Excerpts from a dataset
Start of Block

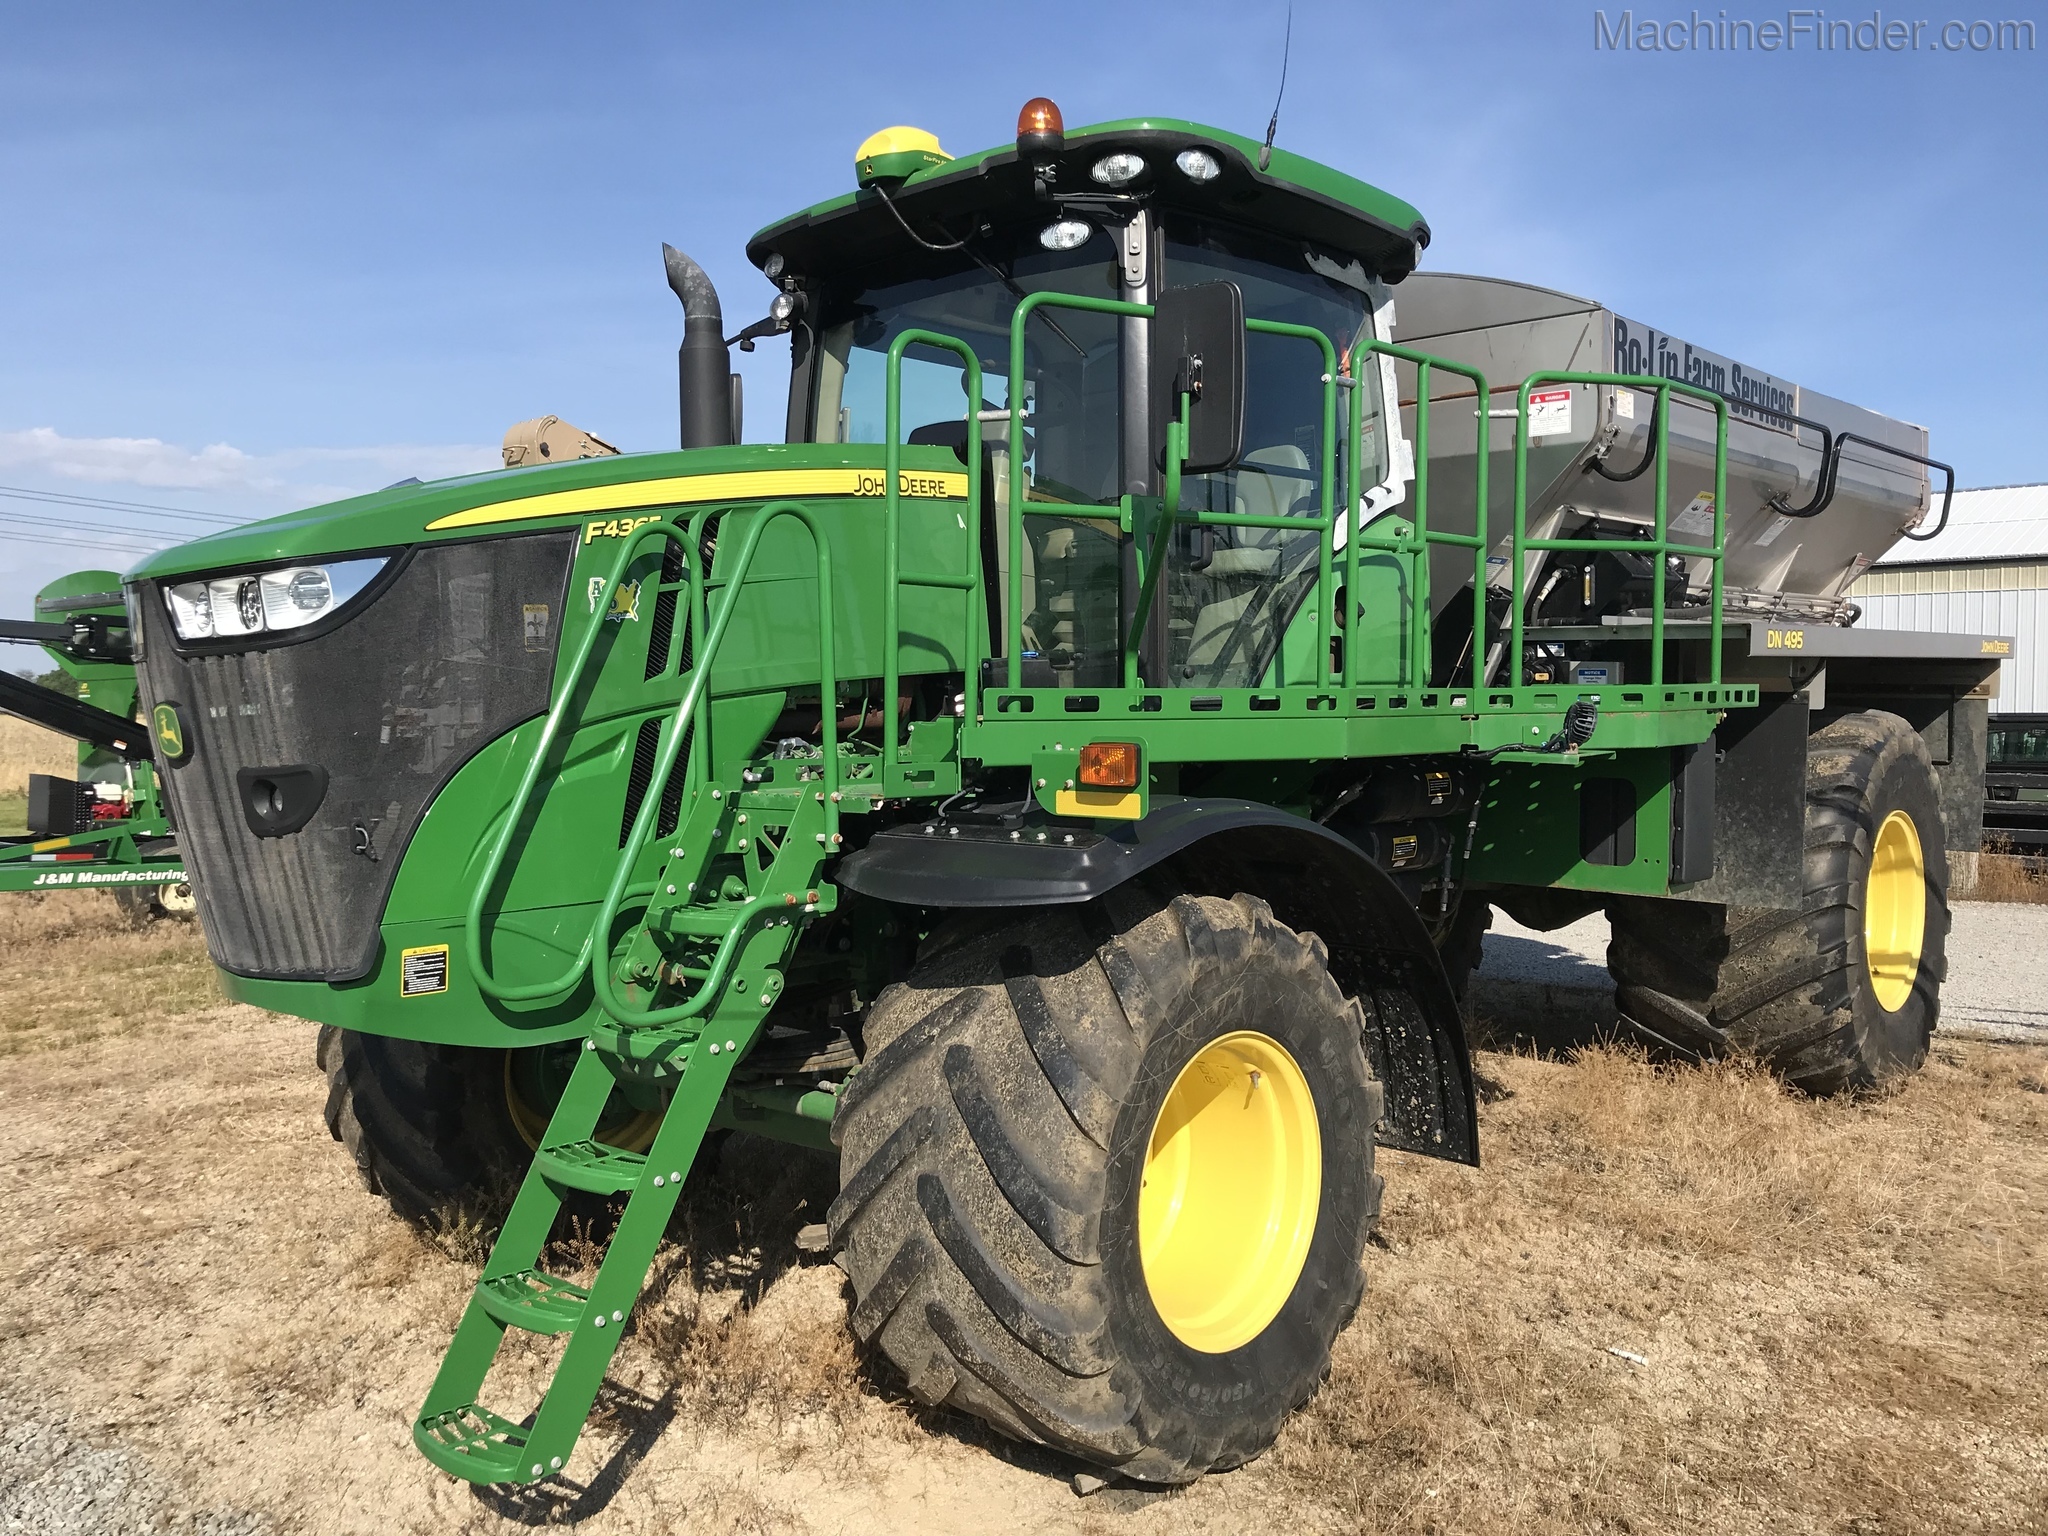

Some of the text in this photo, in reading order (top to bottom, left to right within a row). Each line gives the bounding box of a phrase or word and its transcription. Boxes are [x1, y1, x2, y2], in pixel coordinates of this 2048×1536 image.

[1684, 343, 1726, 394] Farm
[1730, 362, 1794, 433] Services
[853, 473, 947, 495] JOH DEERE
[584, 515, 662, 545] F43
[1767, 629, 1804, 649] DN 495
[33, 869, 189, 885] J&M Manufacturing

End of Block

**Assignment:** Nothing but the records, restated word for word and stripped of images, belongs in the answer.

**Problem solution:**
Some of the text in this photo, in reading order (top to bottom, left to right within a row). Each line gives the bounding box of a phrase or word and its transcription. Boxes are [x1, y1, x2, y2], in pixel coordinates of this 2048×1536 image.

[1684, 343, 1726, 394] Farm
[1730, 362, 1794, 433] Services
[853, 473, 947, 495] JOH DEERE
[584, 515, 662, 545] F43
[1767, 629, 1804, 649] DN 495
[33, 869, 189, 885] J&M Manufacturing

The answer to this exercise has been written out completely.